Today’s Bastille Day, France’s national day, or “le Quatorze Juillet” as we call it plainly in France. The reference to the Bastille prison that was stormed by a rebellious Parisian crowd on a hot summer day 231 years ago is of course entirely relevant but the term “Bastille Day” is a purely English coinage all the same.
I usually spend Bastille Day (or at least the nearest Sunday) in New York, at Simply Gourmand’s booth at the Bastille Day on 60th Street fair, the largest celebration of France’s national day in the United States. I have told in a previous post how much I enjoy this opportunity to meet with French and Francophiles, and with loyal and new customers. The 2020 edition of Bastille Day on 60th Street, originally scheduled to happen last Sunday, has been cancelled due to the pandemic.
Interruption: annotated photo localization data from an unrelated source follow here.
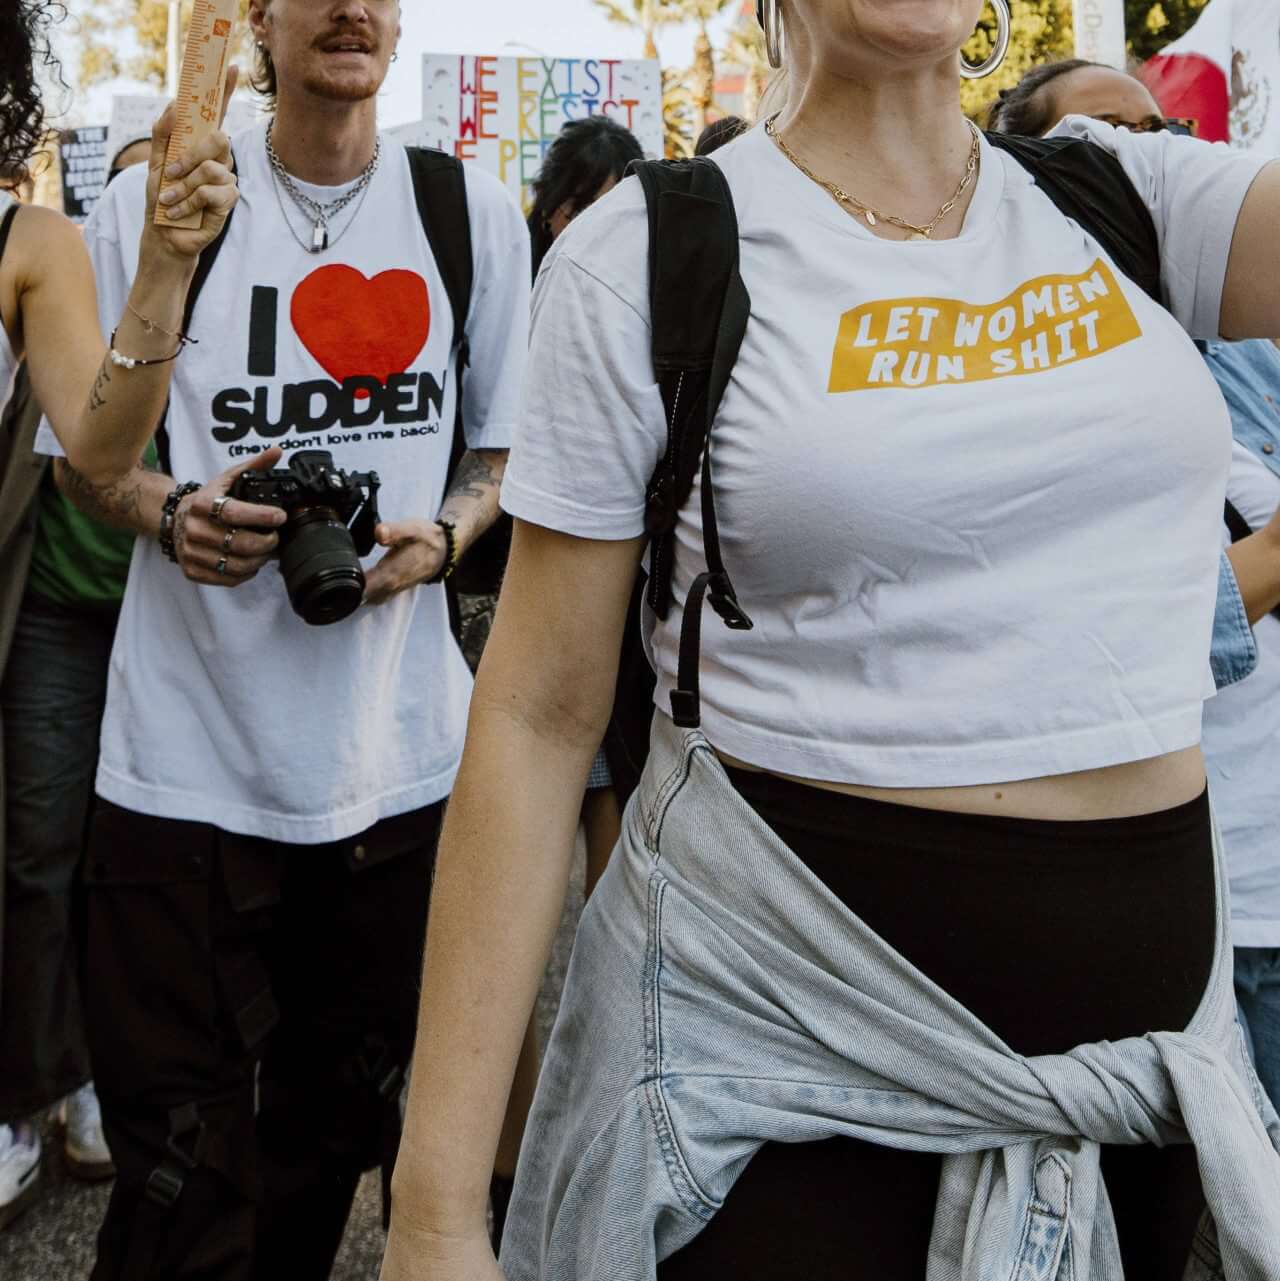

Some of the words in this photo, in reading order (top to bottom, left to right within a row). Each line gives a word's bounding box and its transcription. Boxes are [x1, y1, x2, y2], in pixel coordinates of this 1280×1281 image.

[459, 56, 498, 97] WE
[517, 57, 622, 99] EXIST
[459, 97, 498, 139] WE
[247, 285, 278, 376] I
[853, 306, 939, 348] LET
[954, 271, 1109, 347] WOMEN
[867, 351, 964, 386] RUN
[990, 312, 1099, 374] SHIT
[211, 370, 447, 443] SUDDEN
[278, 434, 322, 451] don't
[326, 431, 362, 445] love
[367, 428, 395, 441] me
[400, 423, 440, 438] back)
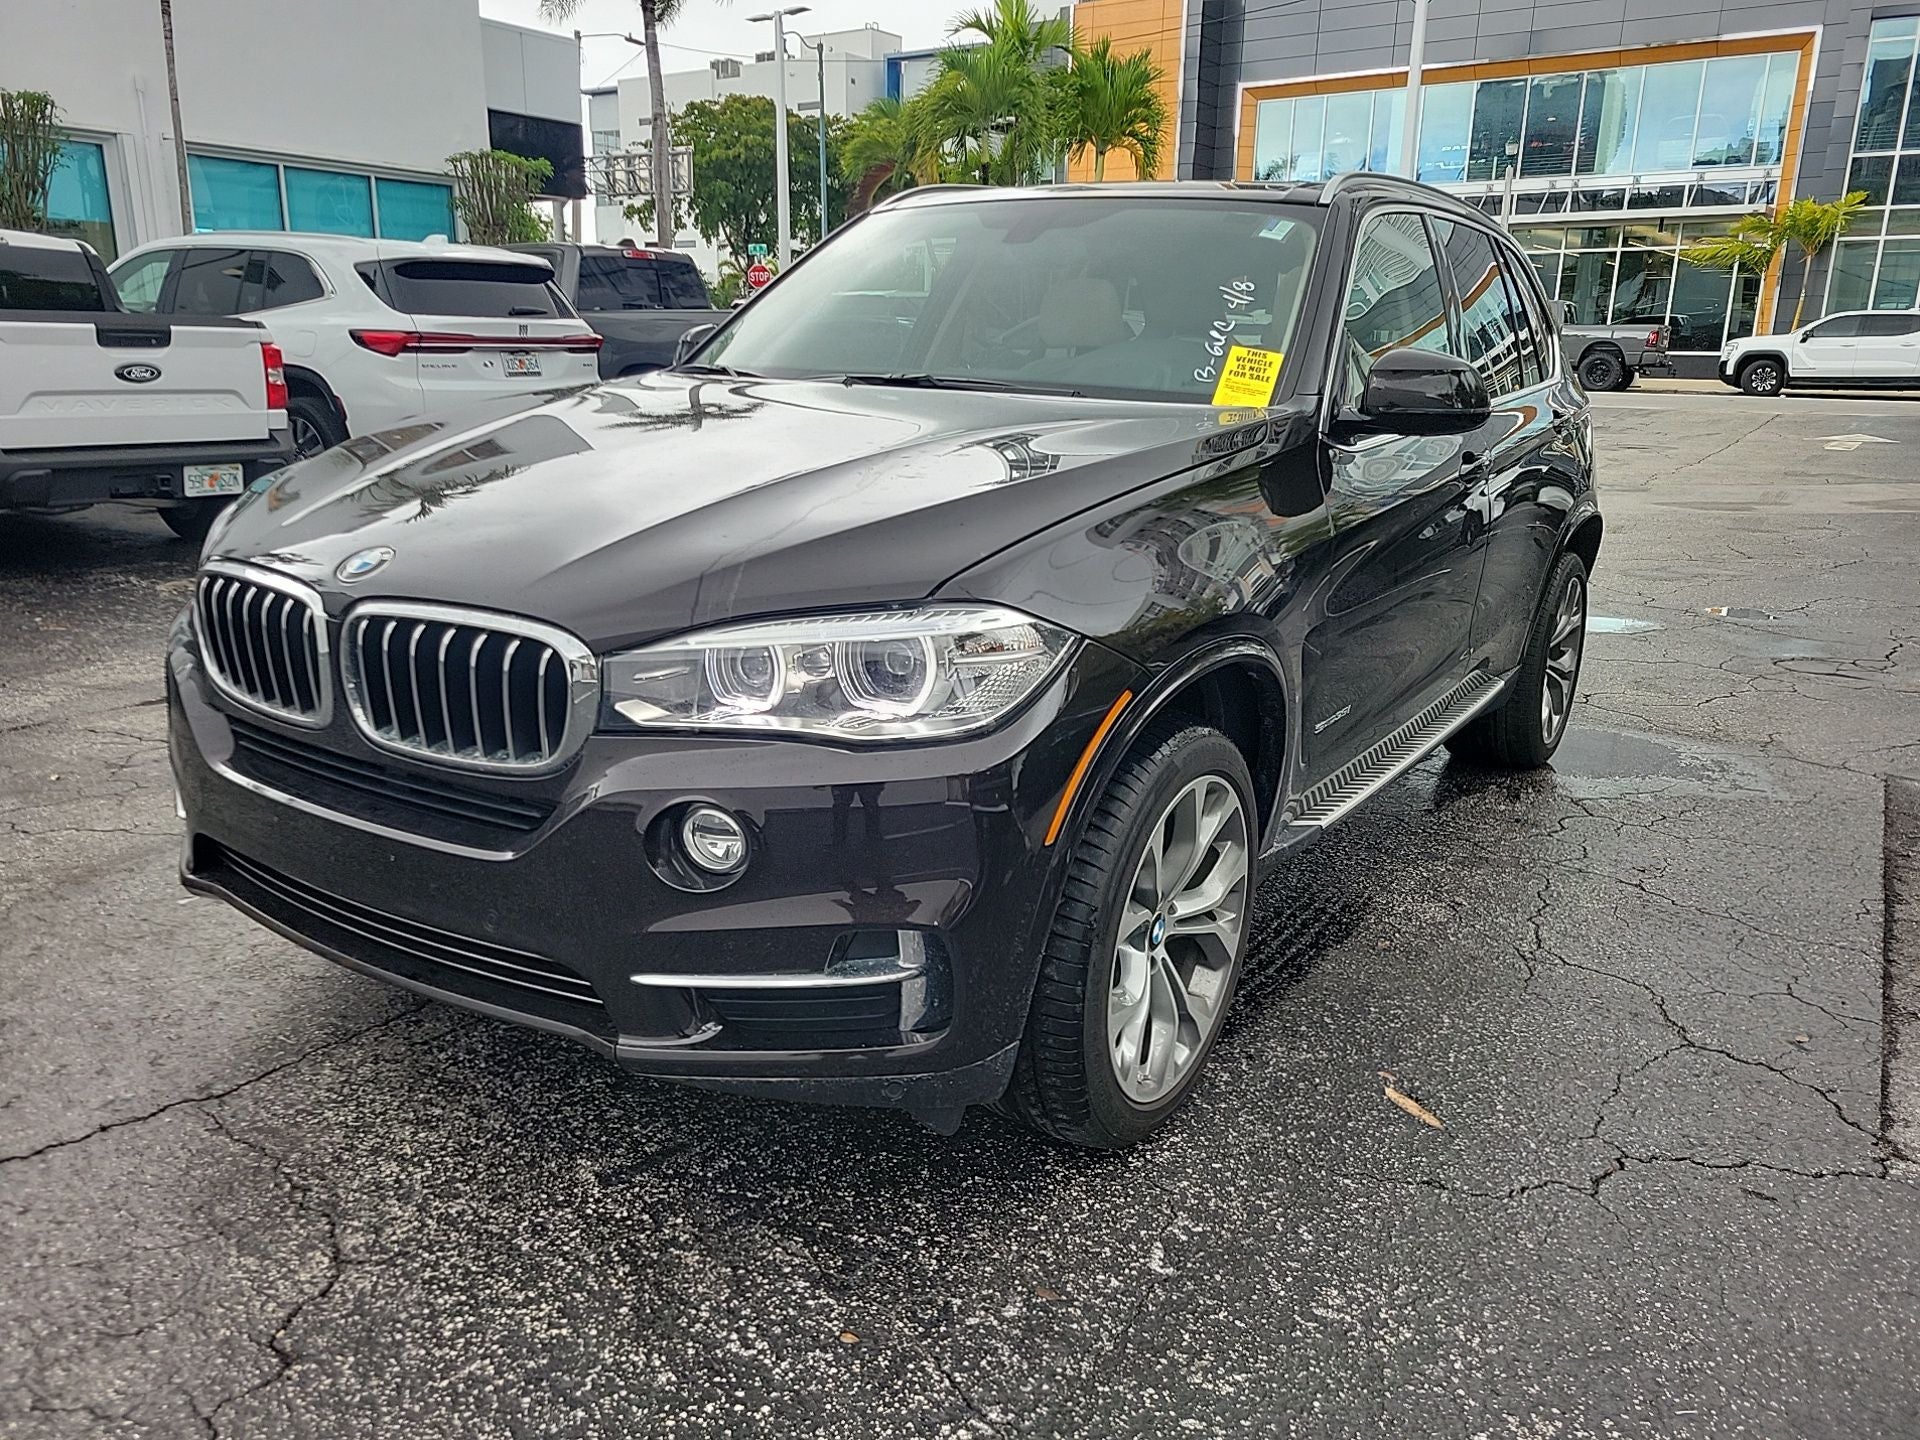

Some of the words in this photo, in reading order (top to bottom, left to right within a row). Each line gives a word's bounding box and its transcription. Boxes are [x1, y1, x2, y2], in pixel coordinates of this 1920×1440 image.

[749, 271, 770, 282] STOP
[1246, 350, 1268, 359] THIS
[1235, 355, 1274, 368] VEHICLE
[130, 367, 152, 378] Ford
[1236, 363, 1247, 371] IS
[1248, 365, 1268, 375] NOT
[1228, 369, 1247, 379] FOR
[1248, 373, 1271, 384] SALE
Likewise, we had to call off our summer trip to France that was to immediately follow our Bastille Day expedition. We are sad we won’t spend time with Grand-Père and Grand-Mère and the rest of the family but we have made our peace with the fact that traveling overseas right now is not a reasonable option (even though French citizens and their families are allowed to come to France).
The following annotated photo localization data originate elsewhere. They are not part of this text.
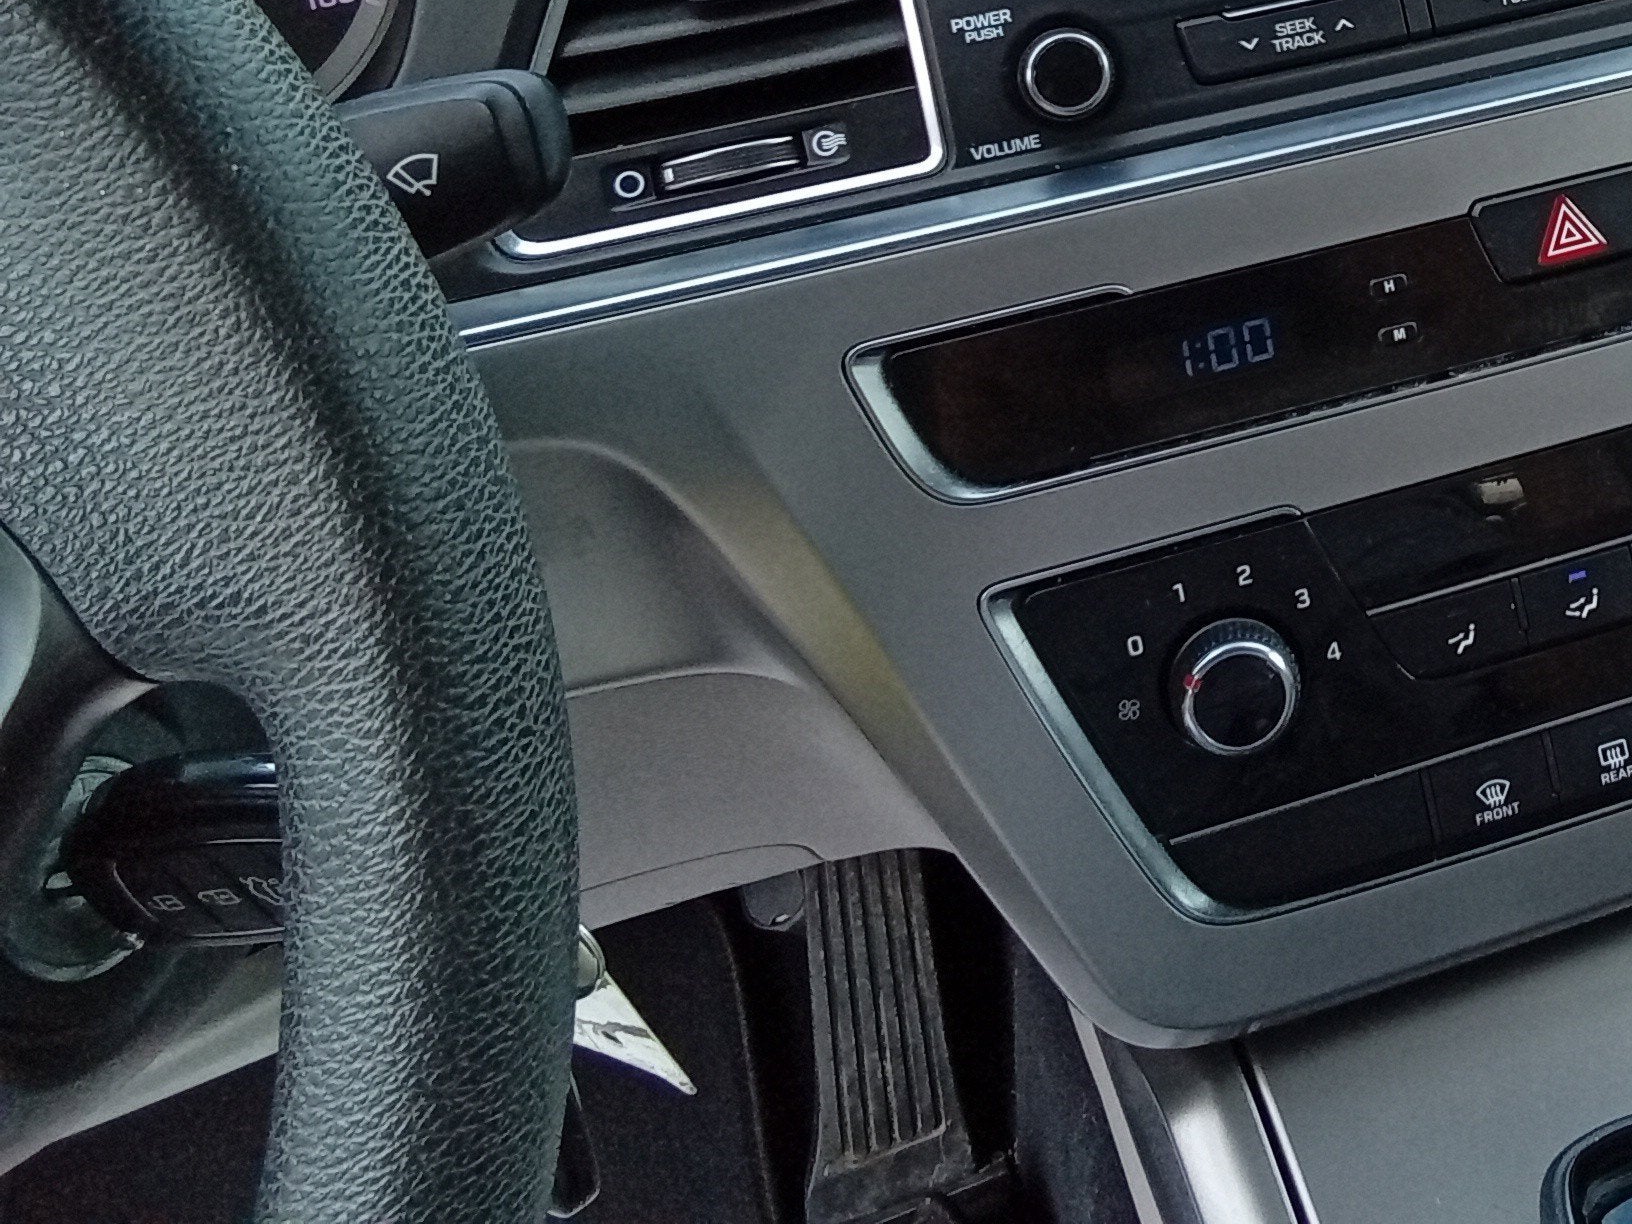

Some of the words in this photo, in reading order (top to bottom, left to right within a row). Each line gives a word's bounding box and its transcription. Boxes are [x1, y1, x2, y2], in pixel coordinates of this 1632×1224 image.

[950, 8, 1013, 34] POWER
[1274, 16, 1318, 37] SEEK
[964, 26, 1005, 44] PUSH
[1271, 30, 1325, 53] TRACK
[969, 133, 1042, 161] VOLUME
[1383, 279, 1396, 294] H
[1392, 327, 1407, 342] M
[1181, 317, 1275, 377] 1:00
[1235, 564, 1253, 587] 2
[1171, 582, 1187, 604] 1
[1294, 588, 1311, 610] 3
[1126, 634, 1144, 657] 0
[1326, 641, 1342, 661] 4
[1475, 800, 1520, 827] FRONT
In a recent online conversation with my parents, my father said we would make it up in a not too distant future. But my mother said she felt differently about not getting together this summer: for her something was lost that would be missing even after we can meet again. I feel like that too. My sense of time passing has become more acute, which I guess is usual in people around my age. What I knew intellectually has become a more profound truth: our lives and the lives of our loved ones are likely to be different in a few years. Now is a precious time.
So now being the 14th of July, 2020, what are we up to ? Well, we are going to celebrate at home, of course! The fact that we are in Cleveland at this time of the year is unusual enough to feel somewhat special. For one thing it means we can hang our 5′ by 3′ French flag at our front door. (Full disclosure: we also have an American and an Indian flag of the same size ready to float on the special occasions of our other two countries.)
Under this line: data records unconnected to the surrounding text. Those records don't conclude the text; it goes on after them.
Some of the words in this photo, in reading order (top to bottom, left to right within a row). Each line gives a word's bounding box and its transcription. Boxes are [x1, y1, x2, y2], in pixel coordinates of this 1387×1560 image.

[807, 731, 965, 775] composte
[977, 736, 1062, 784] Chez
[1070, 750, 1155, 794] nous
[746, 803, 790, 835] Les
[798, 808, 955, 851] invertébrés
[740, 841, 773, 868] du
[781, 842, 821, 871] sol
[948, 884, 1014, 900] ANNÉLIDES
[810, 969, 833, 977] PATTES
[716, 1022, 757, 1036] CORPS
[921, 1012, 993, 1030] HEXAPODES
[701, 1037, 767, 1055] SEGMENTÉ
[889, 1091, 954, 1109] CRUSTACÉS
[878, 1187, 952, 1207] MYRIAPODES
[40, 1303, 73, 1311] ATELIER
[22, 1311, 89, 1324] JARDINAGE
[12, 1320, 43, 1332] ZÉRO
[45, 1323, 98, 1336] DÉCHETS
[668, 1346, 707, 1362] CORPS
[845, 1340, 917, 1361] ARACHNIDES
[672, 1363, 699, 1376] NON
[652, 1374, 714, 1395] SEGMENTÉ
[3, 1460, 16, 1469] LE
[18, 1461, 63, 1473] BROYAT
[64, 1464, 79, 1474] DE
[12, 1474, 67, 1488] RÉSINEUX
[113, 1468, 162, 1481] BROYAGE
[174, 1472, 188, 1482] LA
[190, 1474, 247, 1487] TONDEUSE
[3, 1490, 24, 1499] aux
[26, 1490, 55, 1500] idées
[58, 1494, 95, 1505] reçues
Minette and I have dressed in the colors of the French flag. Tonight when Appa comes back from work we will have home-made gougères (cheese puffs) and clafoutis (cherry cake) and we will drink something bubbly – sparkling apple juice for Minette and champagne for the grownups. We will also dance to the chanson française playlist I put together a couple of years ago for our French celebrations.
I am not sure we would do all of this if we were living in France. I am quite sure we would not do all of this if we did not have a child. Living far from France and India and being parents are the main reasons why we mark our respective home countries’ national days and festivals. We want Minette to relate to her heritages and we have figured this is one of the fun ways to achieve this.
Coming up in our multicultural calendar: India’s Independence Day on the 15th of August and the centenary of U.S. women’s national suffrage on the 18th of August. Interestingly, women in Appa’s southern Indian region were granted the right to vote the same year as American women, whereas French women had to wait until 1944… Minette has read a lot about sufragettes lately and she is more than ready to duly celebrate.
i had no idea that French women could not vote until 1944!!
Yes, that’s how backward we were!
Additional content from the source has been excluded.